**WHAT NEEDS TO BE DONE**
Word for word, copy out the entries below, but not the pictures in them.

------------------------------

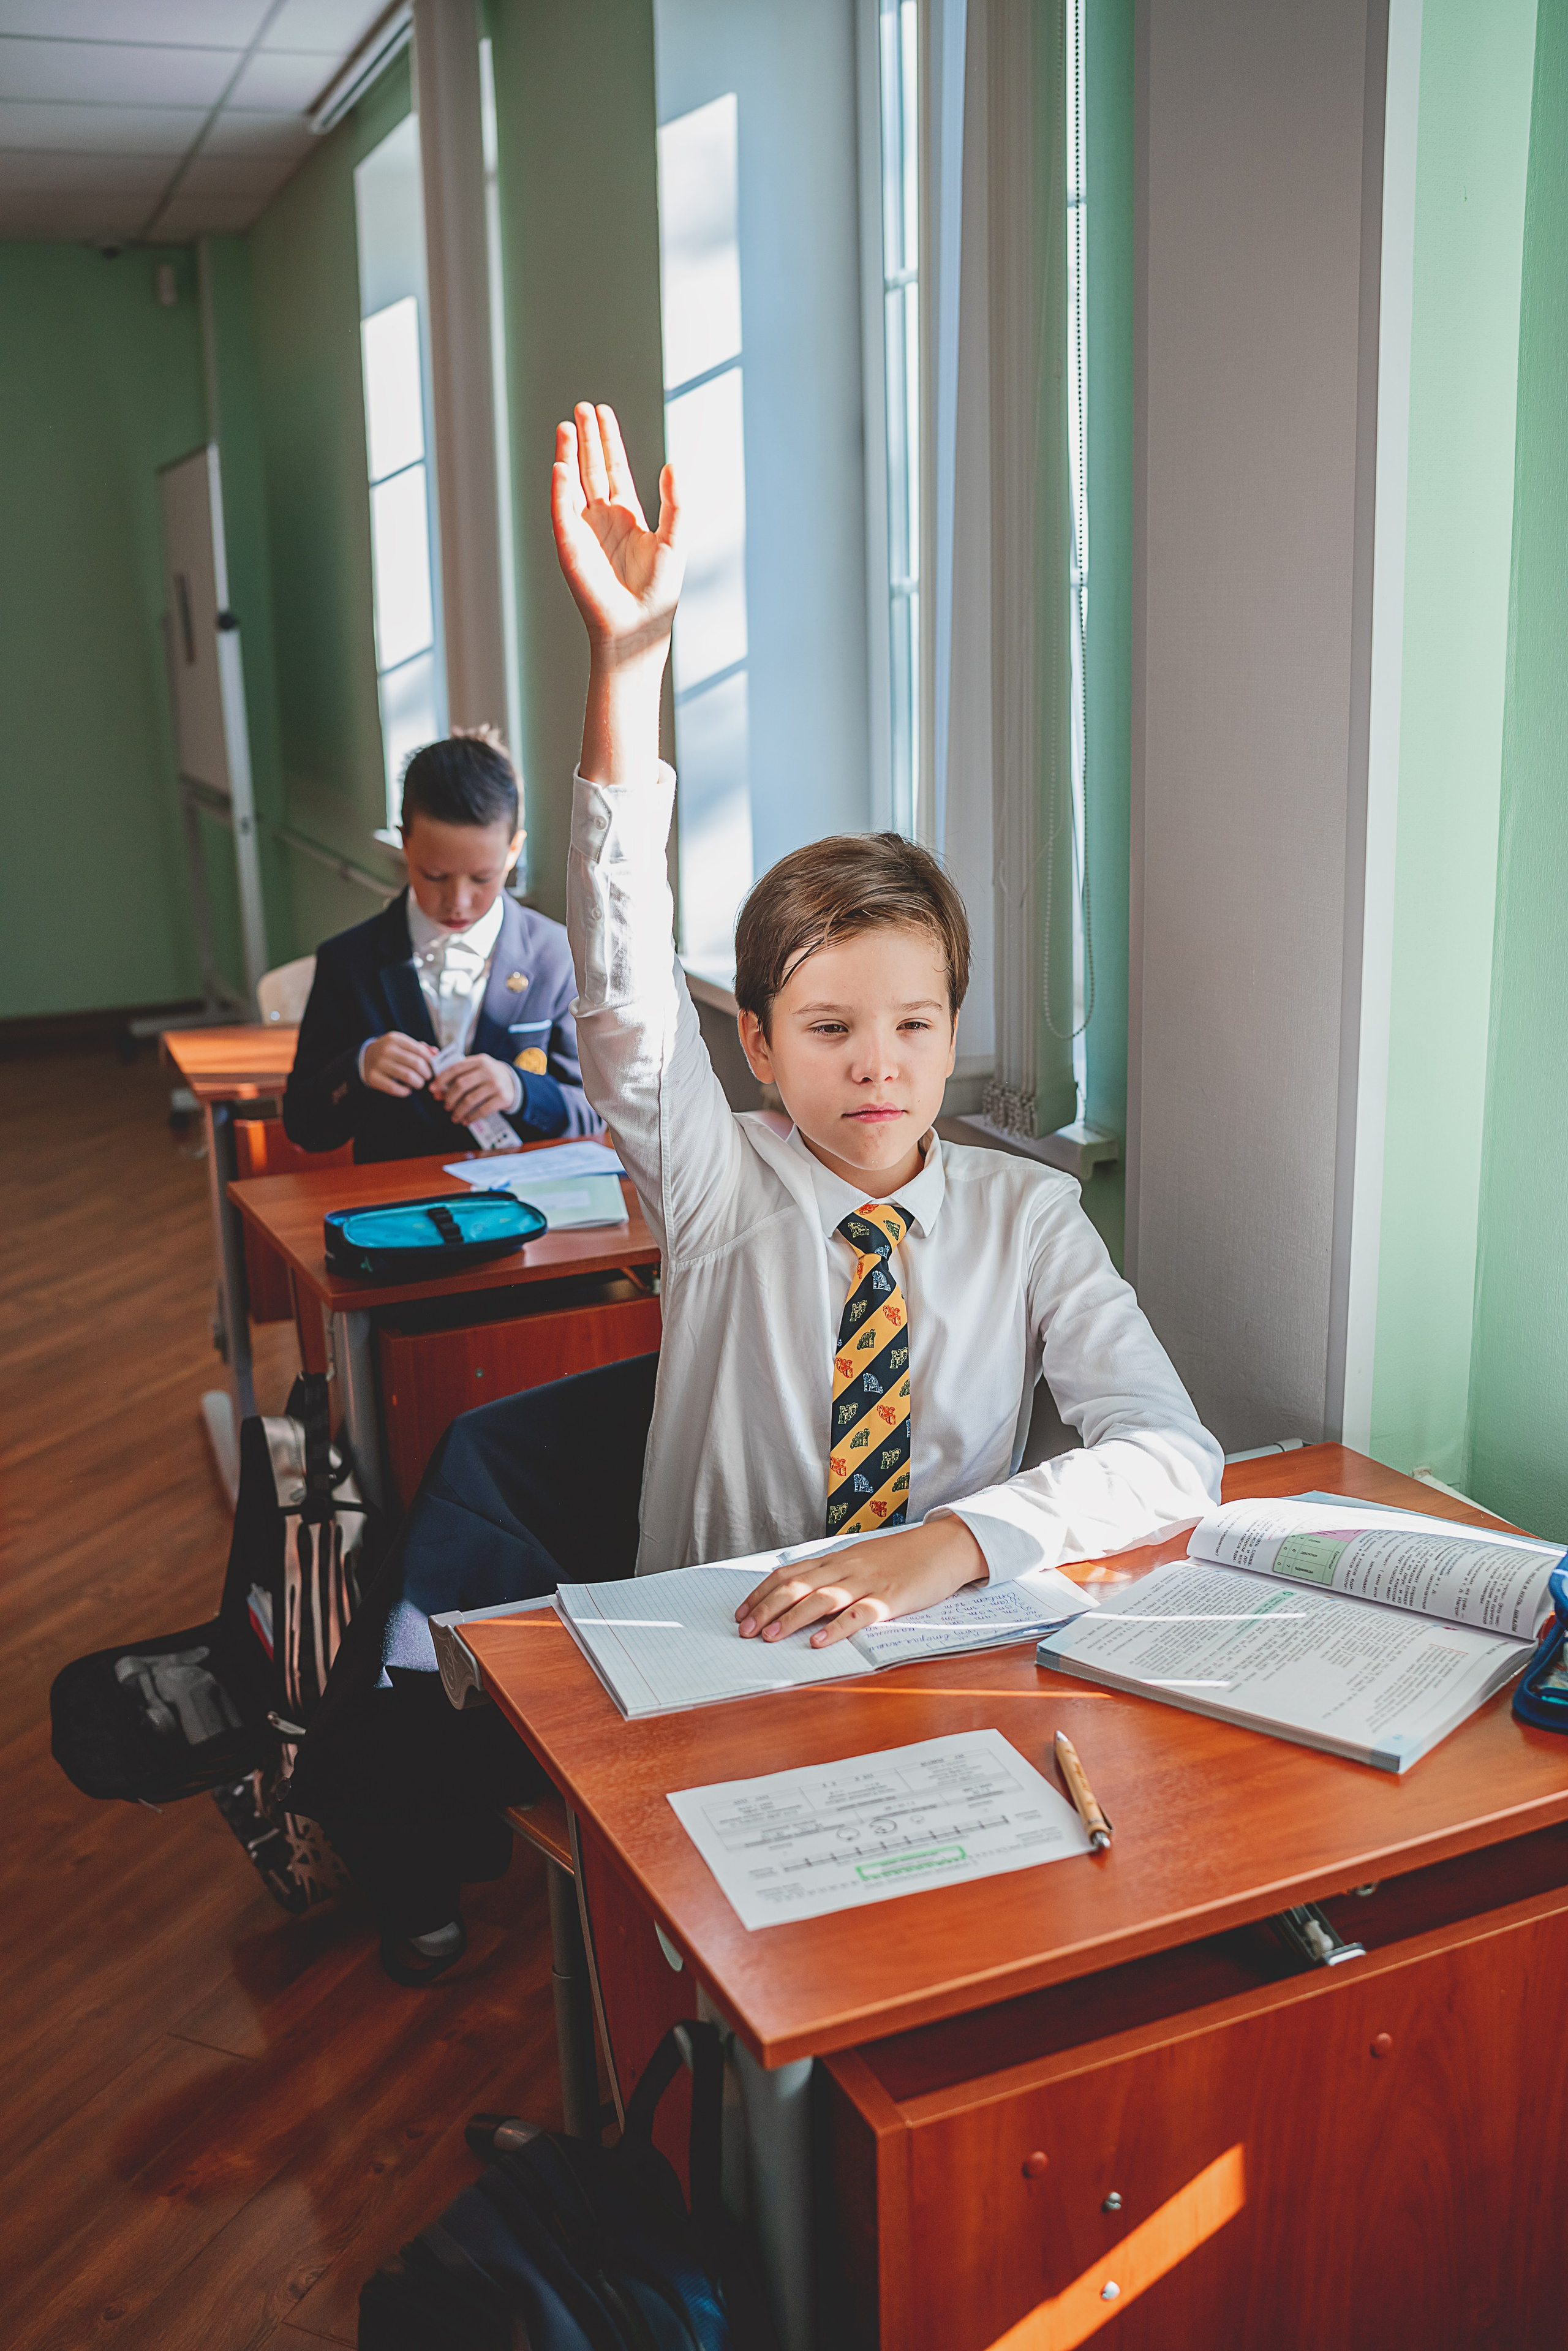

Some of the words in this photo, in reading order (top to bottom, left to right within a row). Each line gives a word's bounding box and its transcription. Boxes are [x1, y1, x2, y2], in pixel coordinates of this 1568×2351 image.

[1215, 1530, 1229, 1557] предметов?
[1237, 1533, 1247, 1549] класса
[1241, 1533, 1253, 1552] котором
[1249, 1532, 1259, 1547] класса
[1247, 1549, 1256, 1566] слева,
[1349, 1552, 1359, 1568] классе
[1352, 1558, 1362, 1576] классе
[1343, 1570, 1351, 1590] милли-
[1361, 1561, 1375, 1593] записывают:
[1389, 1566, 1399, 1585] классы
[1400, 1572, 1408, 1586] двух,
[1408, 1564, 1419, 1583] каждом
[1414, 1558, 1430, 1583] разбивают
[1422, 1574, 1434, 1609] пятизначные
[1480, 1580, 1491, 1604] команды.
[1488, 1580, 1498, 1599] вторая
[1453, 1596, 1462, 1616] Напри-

------------------------------

**SOLUTION FOR THIS TASK**
Some of the words in this photo, in reading order (top to bottom, left to right within a row). Each line gives a word's bounding box and its transcription. Boxes are [x1, y1, x2, y2], in pixel coordinates of this 1568×2351 image.

[1215, 1530, 1229, 1557] предметов?
[1237, 1533, 1247, 1549] класса
[1241, 1533, 1253, 1552] котором
[1249, 1532, 1259, 1547] класса
[1247, 1549, 1256, 1566] слева,
[1349, 1552, 1359, 1568] классе
[1352, 1558, 1362, 1576] классе
[1343, 1570, 1351, 1590] милли-
[1361, 1561, 1375, 1593] записывают:
[1389, 1566, 1399, 1585] классы
[1400, 1572, 1408, 1586] двух,
[1408, 1564, 1419, 1583] каждом
[1414, 1558, 1430, 1583] разбивают
[1422, 1574, 1434, 1609] пятизначные
[1480, 1580, 1491, 1604] команды.
[1488, 1580, 1498, 1599] вторая
[1453, 1596, 1462, 1616] Напри-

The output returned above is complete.